There's no right answer per se — but there are certainly a lot of wrong answers, most of which stem from a failure to take an informed and systematic approach to the buying decision.

Here are five general questions you can explore with your trusted insurance advisor to figure out how much you should buy in Directors and Officers (D&O) insurance limits.

1. What's your risk profile?

When thinking about purchasing insurance limits, it's helpful to have a clear view of the loss scenarios you're insuring against.

Unfortunately, some folks skip past looking at their company's risk profile and just ask how much insurance their peers are buying.

Wisdom of crowds? Maybe. It's certainly understandable. Unfortunately, merely relying on peer data often leads to buying too much insurance.

Considering various probable — and even remote — loss scenarios does two things. First, it helps you scope and calibrate your risk.
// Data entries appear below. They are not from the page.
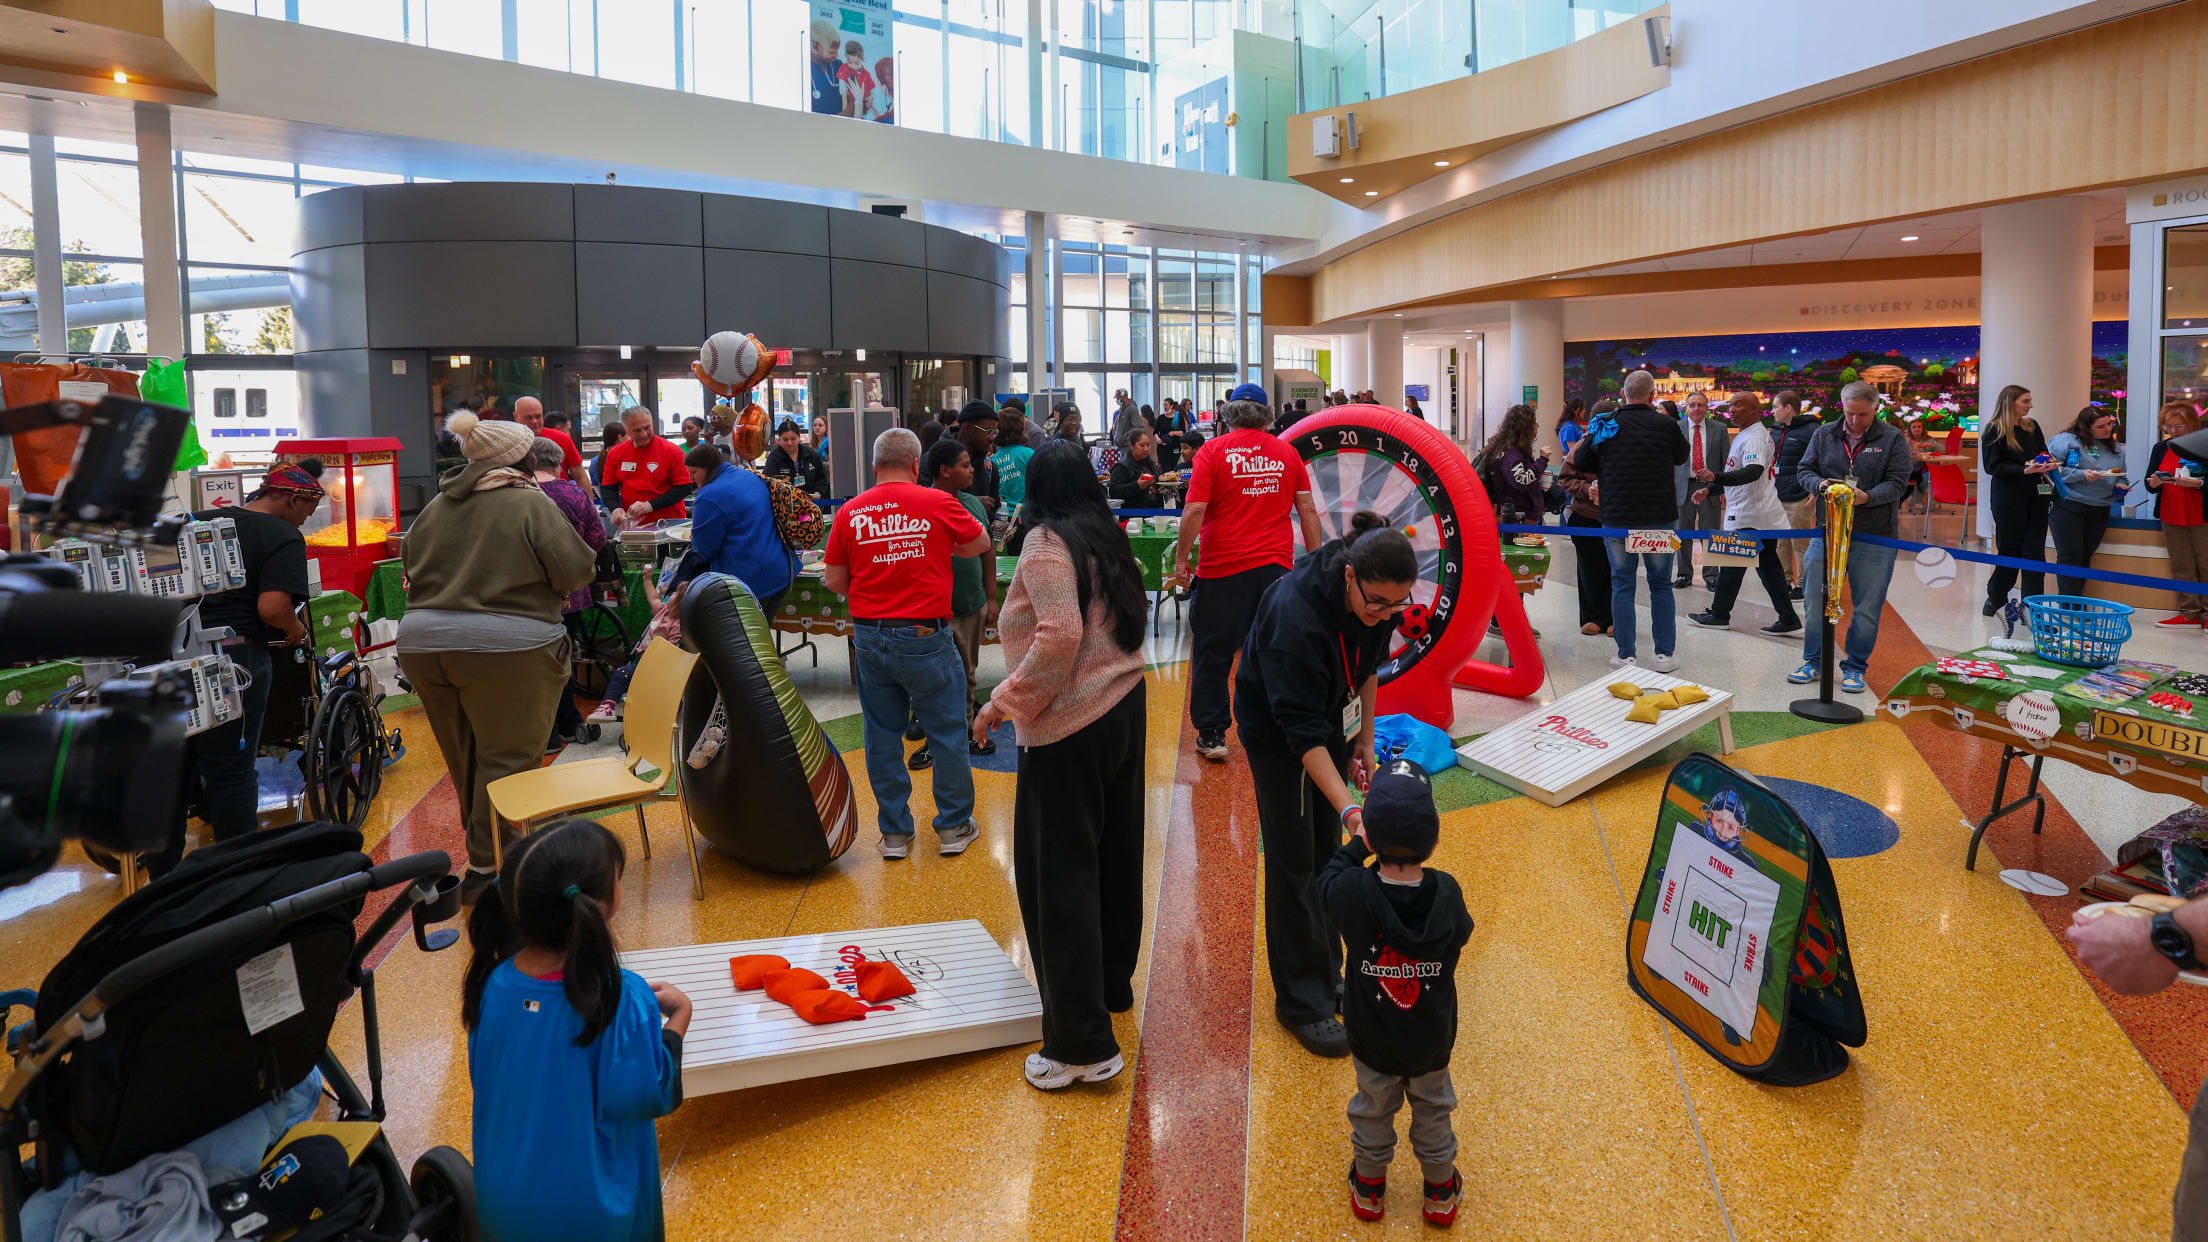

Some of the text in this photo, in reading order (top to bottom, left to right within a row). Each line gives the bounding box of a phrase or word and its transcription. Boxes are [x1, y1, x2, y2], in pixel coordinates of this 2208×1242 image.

[868, 0, 888, 10] Best
[1811, 298, 1977, 316] DISCOVERY ZONE
[1311, 435, 1323, 450] 5
[1339, 431, 1359, 446] 20
[1376, 438, 1385, 453] 1
[361, 454, 391, 462] POPCORN
[1226, 453, 1285, 474] Phillies
[1401, 451, 1419, 473] 18
[1511, 462, 1537, 485] World
[206, 481, 235, 491] Exit
[1242, 484, 1280, 498] support!
[1253, 478, 1264, 487] for
[1428, 484, 1439, 498] 4
[849, 501, 900, 516] thanking the
[849, 513, 931, 540] Phillies
[1440, 514, 1455, 539] 13
[888, 540, 924, 552] for their
[1631, 536, 1670, 550] Team
[1712, 535, 1757, 547] Welcome
[872, 546, 925, 565] support!
[1445, 561, 1457, 574] 6
[1435, 595, 1451, 621] 10
[1414, 632, 1432, 654] 15
[1391, 658, 1400, 675] 2
[2026, 711, 2049, 722] ticket
[1537, 715, 1609, 750] Phillies
[1708, 855, 1735, 880] STRIKE
[1662, 879, 1677, 915] STRIKE
[1689, 900, 1733, 950] HIT
[1743, 933, 1758, 973] STRIKE
[1361, 960, 1442, 979] Aaron is TOF
[1684, 970, 1710, 998] STRIKE
Second, it might lead you to identify steps you can take to mitigate these risks, so the loss becomes less likely.

For example, a review of probable loss scenarios may reveal increased exposure if employees at a new foreign sales office inadvertently engage in conduct that could be viewed as bribery of foreign officials.

This discovery, one hopes, would lead to a review of processes in that office and some additional compliance training to reinforce your company's anti-corruption policies.

The discovery might lead you to assess the costs of defending a Foreign Corrupt Practices Act (FCPA) enforcement action, as well as a follow-up securities class action and derivative suit.

Part of this exercise would be understanding which of these costs D&O insurance would or wouldn't cover, given your specific insurance policies.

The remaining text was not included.